Comparison of anti-plaque and anti-gingivitis effect of curcumin and chlorhexidine mouth rinse in the treatment of gingivitis: A clinical and biochemical study.

J Indian Soc Periodontol 2017 Nov-Dec;21(6):478-483

Department of Periodontics, Thai Moogambigai Dental College and Hospital, Chennai, Tamil Nadu, India.

Background: To evaluate and compare the effect of curcumin (CMN) mouth rinse with chlorhexidine (CHX) mouth rinse on clinical parameters and reactive oxygen metabolites (ROM) levels in participants with chronic gingivitis.

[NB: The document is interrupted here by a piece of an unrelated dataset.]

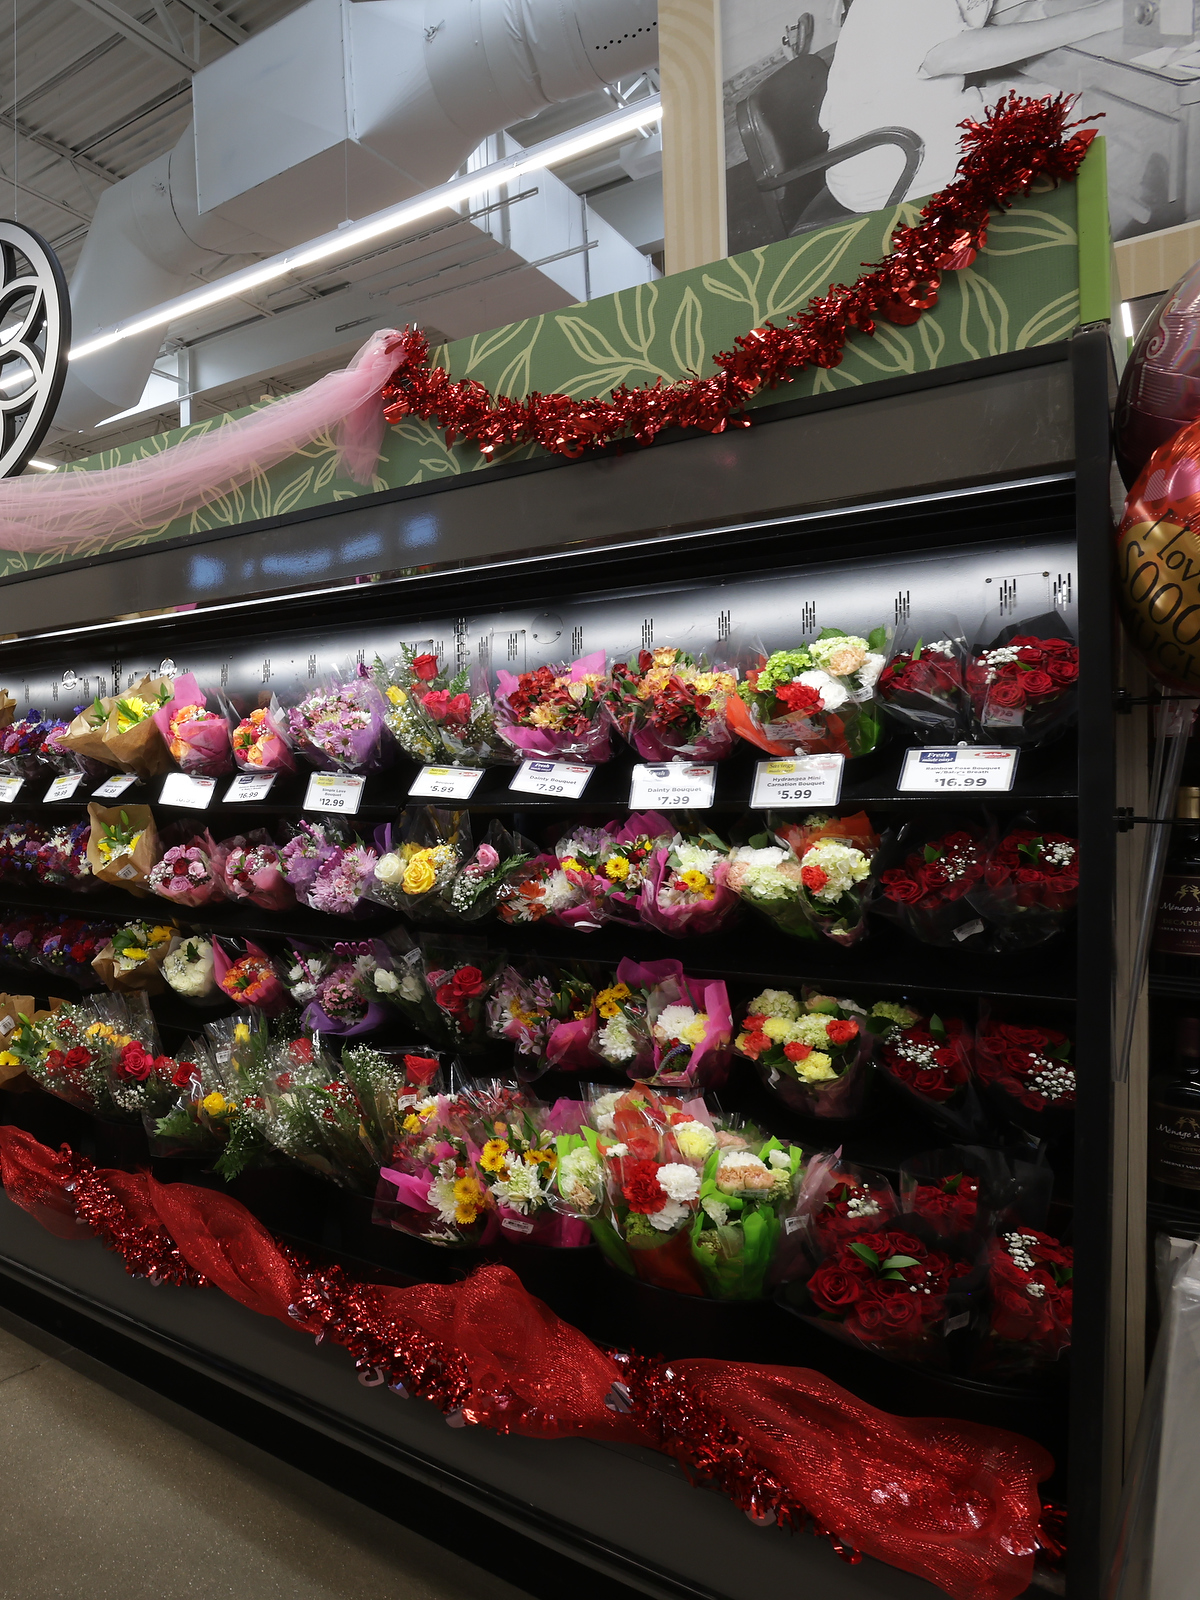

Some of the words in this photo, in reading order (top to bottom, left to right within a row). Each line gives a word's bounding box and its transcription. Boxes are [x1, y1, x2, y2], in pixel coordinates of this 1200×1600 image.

Materials And Methods: Thirty plaque-induced generalized chronic gingivitis participants were randomly assigned to three groups - Group I (control/saline), Group II (CHX), and Group III (CMN), respectively. Baseline plaque index (PI), gingival index (GI), and salivary ROM were estimated, and oral prophylaxis was done. The parameters were recorded and evaluated again at the end of 4 weeks.

Results: Overall, the three groups have shown a significant reduction in PI, GI, and ROM levels at the end of 4 weeks. However, on intragroup comparison, only CMN group have shown significant reduction in ROM levels at the end of 4 weeks ( < 0.05).

Conclusion: CMN mouth rinse can be considered as an alternative antigingivitis agent to CHX because of its anti-inflammatory and antioxidant properties.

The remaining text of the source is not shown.